In the present invention, for a client and a model, after training environment data adopted when the model is trained this time and loaded in a container corresponding to the client is generated, an operation of writing training environment data adopted when the model is trained this time and loaded in a container corresponding to the client into a distributed storage volume corresponding to the client may be performed, so that the training environment data adopted when the model is trained this time and loaded in a container corresponding to the client is stored on a server storing training environment data in a distributed storage cluster in a distributed storage system. Therefore, the distributed storage volumes corresponding to the clients are utilized to store training environment data adopted when the model is trained at the time loaded in the containers corresponding to the clients in the distributed storage system. The training environment data adopted when the model is trained at this time is used as training reference information of the model loaded into a container corresponding to the client when the model is trained next time.
In some embodiments, further comprising: and switching the path of the root directory of the container corresponding to the client to the path of the target directory in the distributed storage volume corresponding to the client, wherein the target directory is a directory for writing and reading training environment data.
In the invention, when the container corresponding to the client is started, the path of the root directory of the container corresponding to the client can be switched to the path of the target directory for writing and reading training environment data in the distributed storage volume corresponding to the client by utilizing the chroot (Change Root) command, so that the training environment data adopted when the model is trained at the time when the model is loaded in the container corresponding to the client is generated each time is automatically synchronized to a server for storing the training environment data in a distributed storage cluster in the distributed storage system. Therefore, the training environment data adopted when the model is trained is stored in the distributed storage system by using the distributed storage volumes corresponding to the clients. By switching paths of root directories of containers corresponding to the clients, when training environment data adopted when the model is trained at this time and loaded in the container corresponding to the clients is generated each time, the training environment data adopted when the model is trained at this time is automatically stored in the distributed storage system, and the training environment data adopted when the model is trained at this time is timely stored.
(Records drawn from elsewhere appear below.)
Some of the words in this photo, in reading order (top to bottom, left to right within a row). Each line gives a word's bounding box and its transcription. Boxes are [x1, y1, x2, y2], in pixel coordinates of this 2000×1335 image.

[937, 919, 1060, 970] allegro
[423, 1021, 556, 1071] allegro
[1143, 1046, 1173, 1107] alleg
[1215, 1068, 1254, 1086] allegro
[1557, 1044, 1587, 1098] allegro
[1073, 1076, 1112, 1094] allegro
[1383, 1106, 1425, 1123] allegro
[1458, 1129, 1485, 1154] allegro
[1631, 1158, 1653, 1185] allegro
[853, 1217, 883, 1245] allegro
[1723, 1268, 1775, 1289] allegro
Referring to fig. 2, a schematic diagram of training a model is shown.
Before the client sends a training request to a server in the GPU and container scheduling system for the first time, the server in the GPU and container scheduling system may send a distributed storage volume allocation request to the distributed storage system, including the name of the distributed storage volume corresponding to the client. After receiving the distributed storage volume allocation request, the distributed storage system allocates a distributed storage volume corresponding to the client with the name to the client.
Each time a model is trained using the client, the client sends a name training request to the GPU and container scheduling system that includes a target number of graphics processors for training the model and a distributed storage volume corresponding to the client.
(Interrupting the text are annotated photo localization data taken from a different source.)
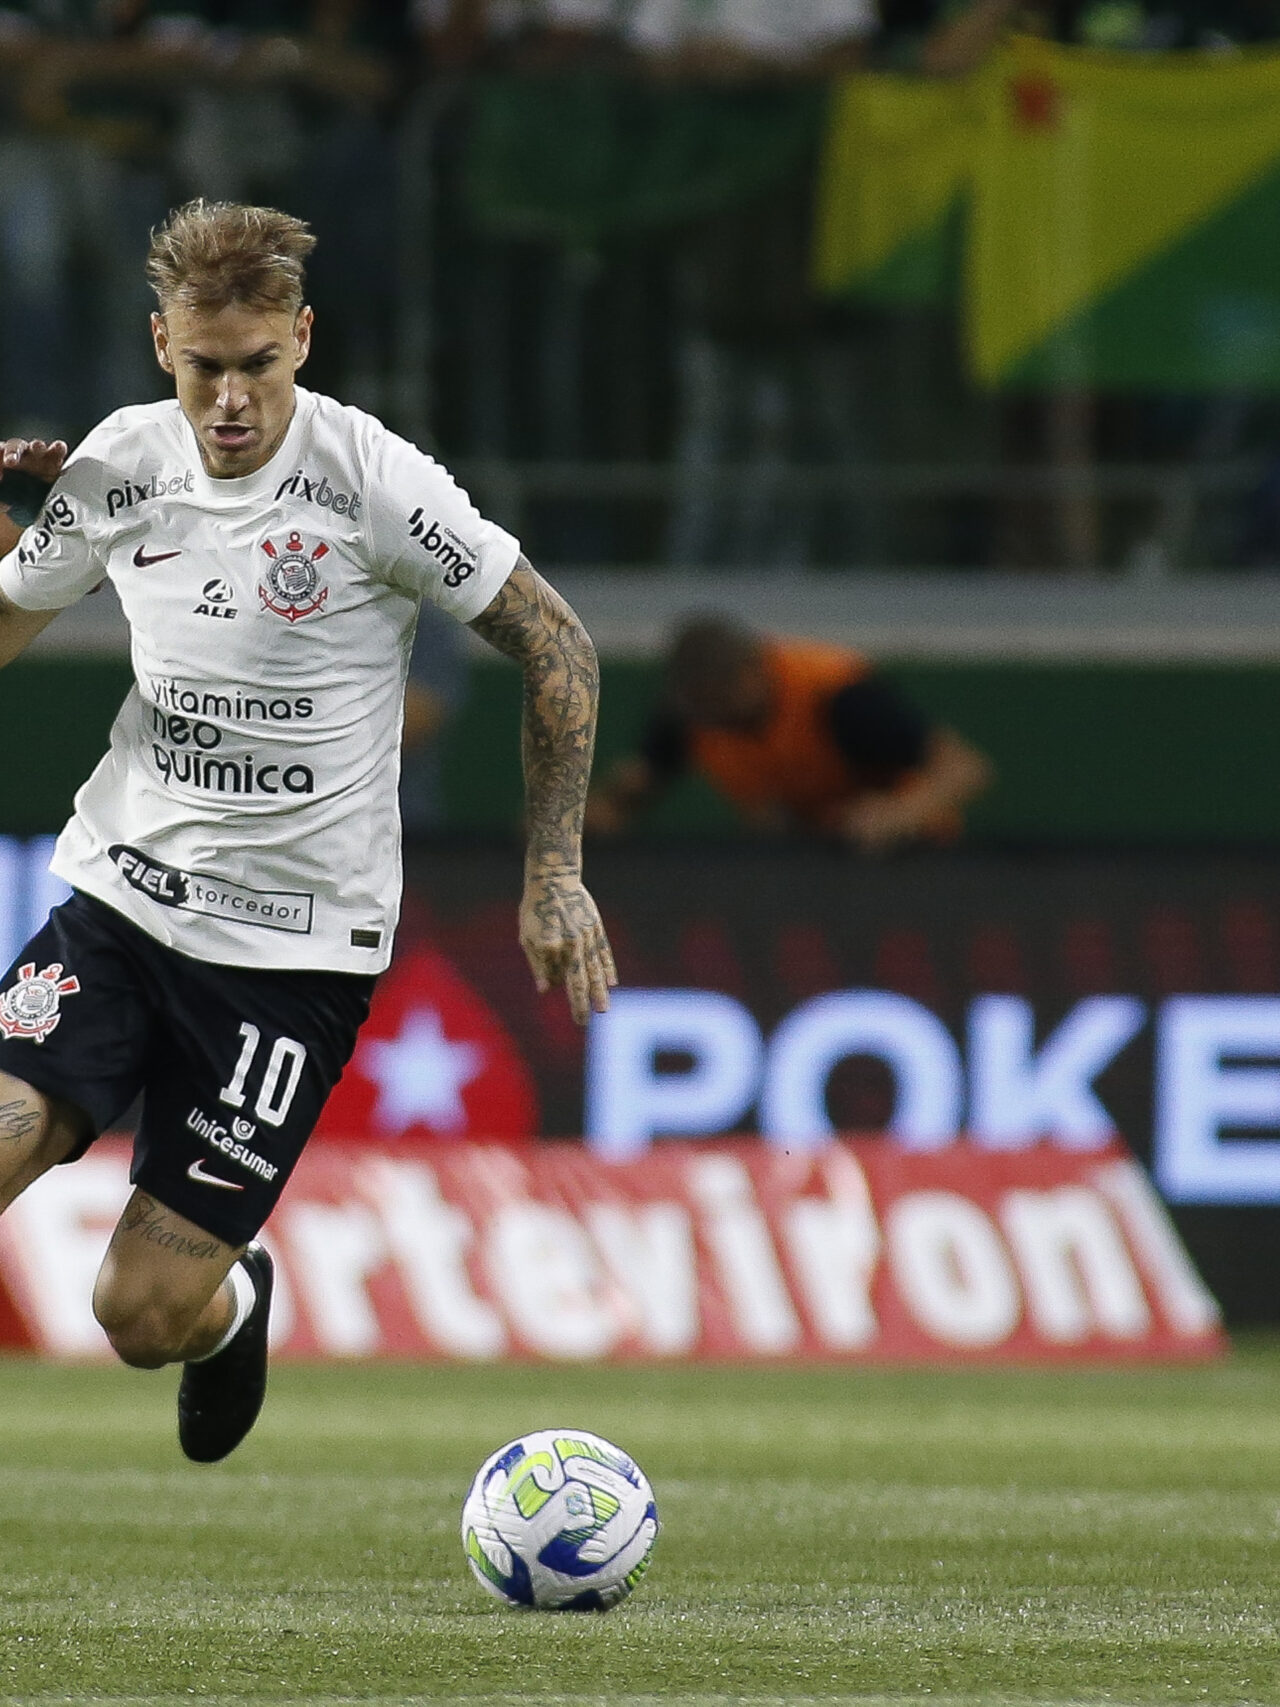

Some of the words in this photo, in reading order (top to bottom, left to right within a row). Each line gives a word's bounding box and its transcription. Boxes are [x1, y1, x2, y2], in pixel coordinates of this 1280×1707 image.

[106, 470, 195, 518] pixbet
[420, 520, 476, 588] bmg
[193, 602, 238, 620] ALE
[150, 679, 314, 721] vitaminas
[152, 706, 222, 750] neo
[117, 851, 175, 898] FIEL
[196, 881, 302, 921] torcedor
[219, 1021, 308, 1127] 10
[186, 1106, 279, 1182] UniCesumar
A server for training of models in a GPU and container scheduling system may allocate a target number of GPUs. And simultaneously, creating a container corresponding to the client. When a container corresponding to a client is started, the GPU and container scheduling system switches the path of the root directory of the container corresponding to the client to the path of the directory for writing training environment data for training the model and reading training environment data for training the model in the distributed storage volume by utilizing a color command.
The server for training the model may determine the distributed storage volume corresponding to the client based on the name of the distributed storage volume corresponding to the client. The server for training the model acquires training reference information of the model stored in the distributed storage system by using the distributed storage volume corresponding to the client, and loads the training reference information of the model into a container corresponding to the client. When the model is trained for the first time by using the client, training reference information of the model obtained from the distributed storage system by using the distributed storage volume corresponding to the client is preset training environment data. When the model is trained by the client at any time after the model is trained for the first time, training reference information of the model, which is acquired from the distributed storage system by the distributed storage volume corresponding to the client, is training environment data adopted when the model is trained for the last time.
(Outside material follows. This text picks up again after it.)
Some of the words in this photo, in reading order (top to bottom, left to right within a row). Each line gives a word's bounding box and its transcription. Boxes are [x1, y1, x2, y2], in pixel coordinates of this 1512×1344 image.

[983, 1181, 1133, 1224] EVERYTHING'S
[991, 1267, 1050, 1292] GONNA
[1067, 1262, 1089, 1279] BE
Each time the model is trained using the client, the client may send a configuration request to the server for training of the model using the ssh connection with the server for training of the model to generate training environment data employed for training the model this time. After generating the training environment data adopted by the current training of the model, the model can be trained by utilizing the training environment data adopted by the current training of the model and the target number of graphic processors.
The path of the root directory of the container corresponding to the client is switched to the path of the target directory for writing the training environment data for training the model and reading the training environment data for training the model in the distributed storage volume corresponding to the client, so that the training environment data adopted when the model is trained in the container at each time can be automatically synchronized to a server for storing the training environment data in a distributed storage cluster in the distributed storage system and used as training reference information loaded in the container corresponding to the client when the model is trained next time.
Fig. 3 is a schematic structural diagram of a model training device according to an embodiment of the invention. The specific implementation of the operations performed by the respective units or sub-units in the model training apparatus may be the specific implementation of the corresponding operations described in the above-mentioned reference method embodiments.
As shown in fig. 3, the model training apparatus provided in the embodiment of the present invention includes: a receiving unit 301, a first processing unit 302, a second processing unit 303, a generating unit 304, and a training unit 305.
The receiving unit 301 is configured to receive a training request sent by a client, the training request comprising: the target number of the graphic processors for training the model and the names of the distributed storage volumes corresponding to the clients;
The first processing unit 302 is configured to allocate the target number of graphics processors and create a container corresponding to the client;
the second processing unit 303 is configured to acquire training reference information of the model stored in the distributed storage system by using a distributed storage volume corresponding to the client, and load the training reference information of the model into a container corresponding to the client, where the training reference information of the model is training environment data or preset training environment data adopted when the model is trained last time;
the generating unit 304 is configured to generate training environment data adopted when the model is trained at this time, which is loaded in a container corresponding to the client, based on training reference information of the model;
the training unit 305 is configured to train the model by using training environment data and the target number of graphics processors, which are used when training the model, and store the training environment data, which is used when training the model, in a distributed storage system by using a distributed storage volume corresponding to the client.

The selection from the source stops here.